| EXERCISE REQUIREMENTS |
Write out each line below precisely, passing over the pictures.

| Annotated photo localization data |
==============================
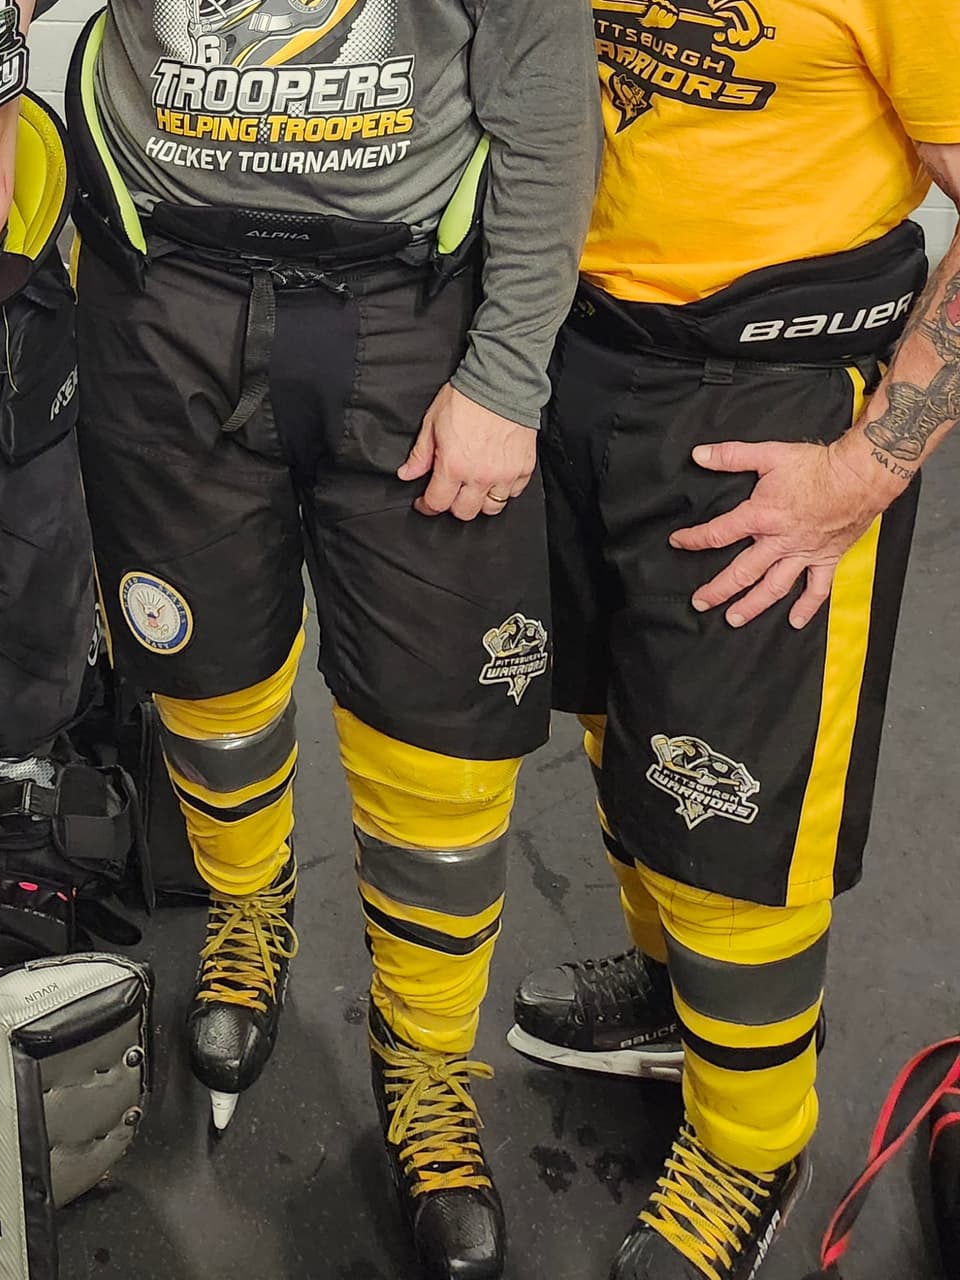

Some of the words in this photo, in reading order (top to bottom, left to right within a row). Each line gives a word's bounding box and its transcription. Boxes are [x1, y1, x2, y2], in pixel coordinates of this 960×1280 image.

[597, 19, 726, 74] TTSBURGH
[152, 57, 414, 114] TROOPERS
[596, 39, 764, 106] ARRIORS
[155, 107, 259, 143] HELPING
[267, 108, 416, 143] TROOPERS
[145, 137, 232, 171] HOCKEY
[237, 140, 412, 175] TOURNAMENT
[245, 229, 311, 242] ALPHA
[485, 658, 545, 679] WARRIORS
[652, 769, 752, 817] WARRIORS
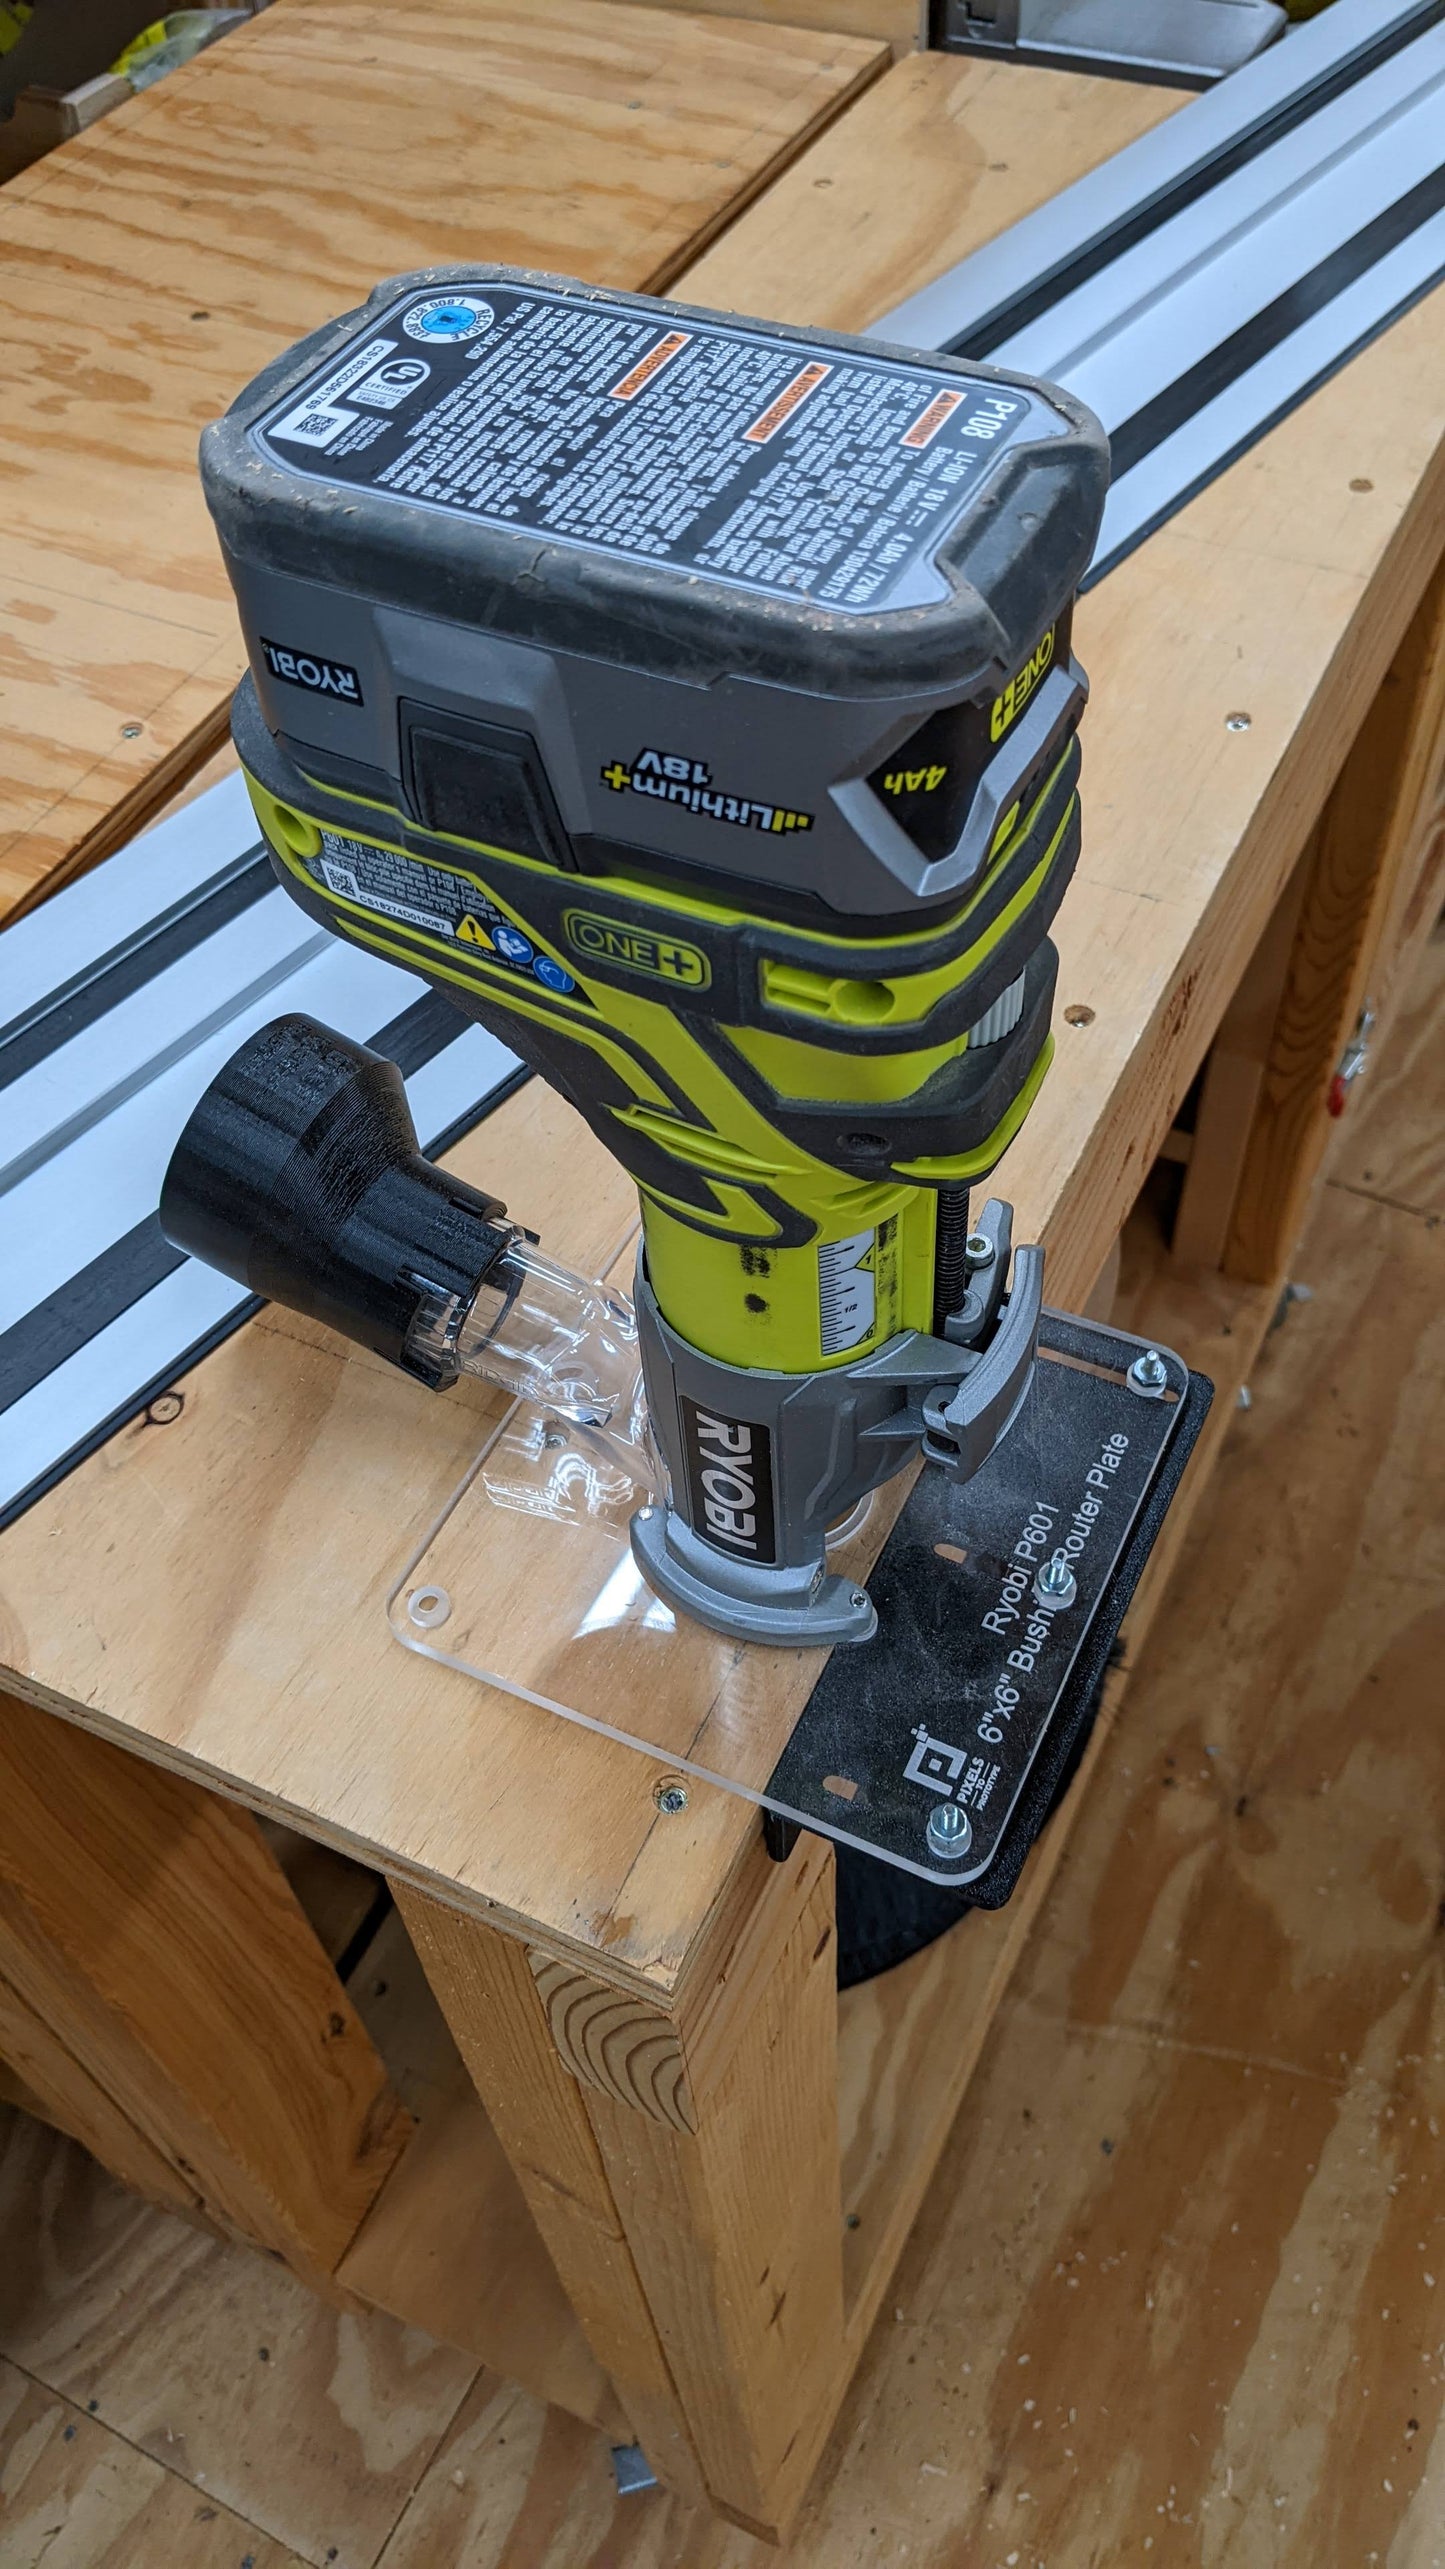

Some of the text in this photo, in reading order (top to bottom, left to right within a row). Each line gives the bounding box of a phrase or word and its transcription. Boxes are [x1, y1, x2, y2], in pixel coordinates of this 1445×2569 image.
==============================
| SOLUTION TO THE EXERCISE |
Some of the words in this photo, in reading order (top to bottom, left to right within a row). Each line gives a word's bounding box and its transcription. Boxes are [x1, y1, x2, y2], in pixel coordinates of this 960×1280 image.

[597, 19, 726, 74] TTSBURGH
[152, 57, 414, 114] TROOPERS
[596, 39, 764, 106] ARRIORS
[155, 107, 259, 143] HELPING
[267, 108, 416, 143] TROOPERS
[145, 137, 232, 171] HOCKEY
[237, 140, 412, 175] TOURNAMENT
[245, 229, 311, 242] ALPHA
[485, 658, 545, 679] WARRIORS
[652, 769, 752, 817] WARRIORS

Some of the text in this photo, in reading order (top to bottom, left to right within a row). Each line gives the bounding box of a phrase or word and its transcription. Boxes are [x1, y1, x2, y2], in pixel coordinates of this 1445×2569 image.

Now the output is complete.